Paying us all a basic wage – now that’s democracy
THERE was major unhappiness at the Mahogany Ridge that the City of Cape Town got a court order to stop the march on the CBD and forced the protesters to abandon the demonstration.
As one of the regulars later put it: “Bugger these people” (only he didn’t say “bugger”) “but now there was no excuse for not going to work. There went my long weekend. The bloody terrorists had won.”
It was perhaps wrong to refer to the would-be marchers as such, but emotions had been running high all week. Hell and mayhem were coming to town. Looting and destruction of private property was virtually guaranteed, along with blockades on the major highways and flung poo everywhere.
Such was the concern that a group of “prominent Capetonians” released a statement slamming attempts by activists to “promote a climate of hate” and destabilise the province through violent protests.
In fact, so prominent were these citizens – they included Archbishop Emeritus Desmond Tutu and Archbishop Thabo Makgoba along with all the other usual suspects – that Cosatu’s provincial leader, Tony Ehrenreich, was moved to describe them as “great people” in a statement all of his own.
Mind you, not everyone was “great”. As Ehrenreich pointed out, there were “the others who have always been comfortable with the apartheid generational disadvantages in South Africa. They all speak about the threat to our democracy when a march goes wrong or people throw faeces. They seldom speak with the same power and authority about the threat posed to our democracy by the huge and growing inequalities and desperate underdevelopment.
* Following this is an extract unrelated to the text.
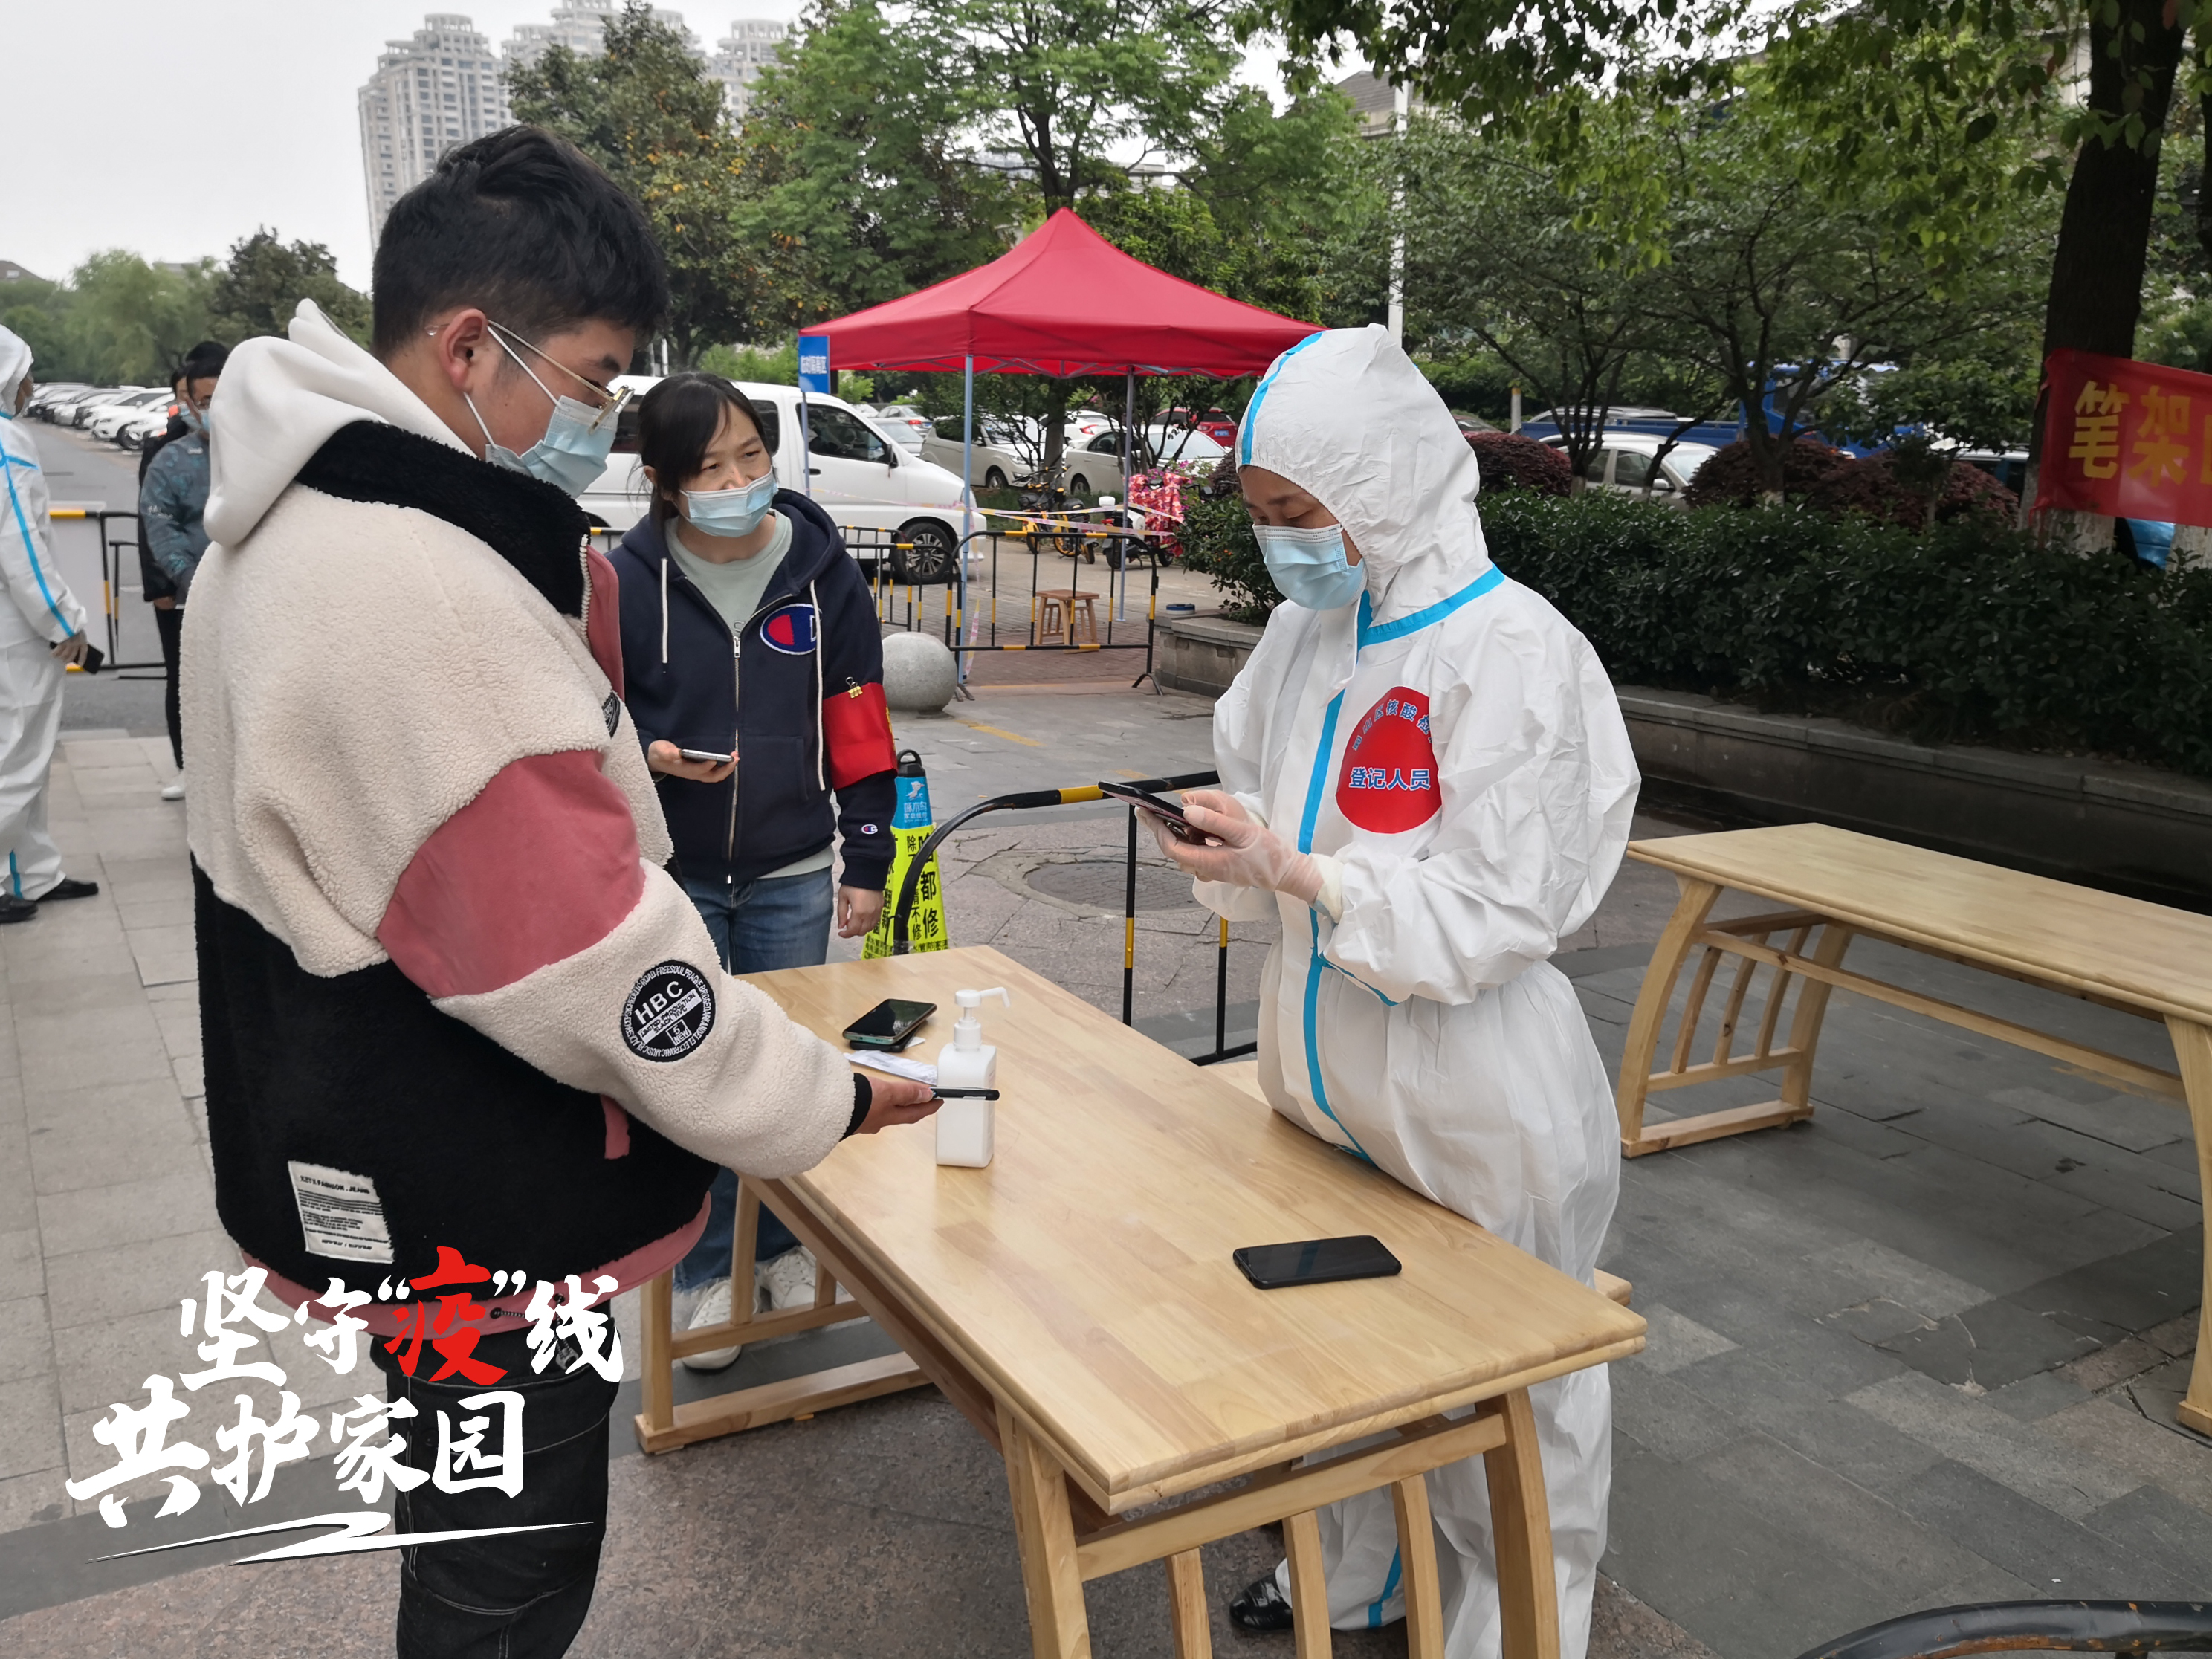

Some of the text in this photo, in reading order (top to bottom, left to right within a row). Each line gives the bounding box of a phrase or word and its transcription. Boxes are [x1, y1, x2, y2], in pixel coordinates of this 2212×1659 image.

“The people who protest are, in the main, desperate citizens who feel that they are not being shown any regard – not just through nice-sounding words, but in actual delivery to their basic needs.”
How comforting to be labelled an uncaring person because you don’t want to be showered in chemically treated runny matter. Thanks a bunch, Tony. It’s like being called a racist because you’re concerned that your rather simple president appears to have been led up the (very expensive) garden path by a wily architect vis-àvis renovations to the country home. But no matter. We must move on. The Swiss – those yodelling Europeans – have had a wizard idea, one that we should copy at once if we are to help desperate citizens.
Switzerland is to vote on whether to introduce a basic monthly income from the state of 2 500 Swiss francs (about R28 250) for all adult citizens. Everyone gets it, irrespective of whether you’re employed or not, no strings attached.
No date has been set for the referendum. But Switzerland does this sort of thing a lot. Under Swiss law, citizens can organise popular initiatives that allow the channelling of public anger into direct political action.
In this case, all that the Basic Income Initiative – as they’ve called themselves – needed was 100 000 or more signatures, Which they got rather easily, we’d imagine, given the rage at pay inequality in the current financial crisis.
Then the organisation collected 8 million five-cent coins – one for each citizen – and, using a truck, dumped them in a square outside the Swiss parliament in Berne when they handed over their petition early last month.
Well, “dumped” is perhaps too unruly a term. Being Swiss, they carefully tipped them out of the truck and then neatly spread them across the square in an orderly fashion.
According to news reports, there is a lot of support for the initiative. One economist suggested that the idea of a basic income was one that united both left- and right-wingers – although it has little support in the mainstream.
Of course, there was the danger that nobody would work. Certainly, very few South Africans would if you gave them R28 000 a month.
But what if our basic income was more modest? If it was, let’s say, R8 000 a month, then most people would want to supplement that. Even a low-paying, part-time job would at least ensure a decent standard of living. One with proper toilets.
There is another way of looking at this: technology will make large numbers of people unemployable in sectors such as mining and agriculture in the not-too-distant future.
So we’re going to need an economic system that will handle loads of people doing nothing all day.
In this, like many white males of my ilk, I feel I am something of a pioneer. It’s time the state rewarded me for my contribution to the food chain.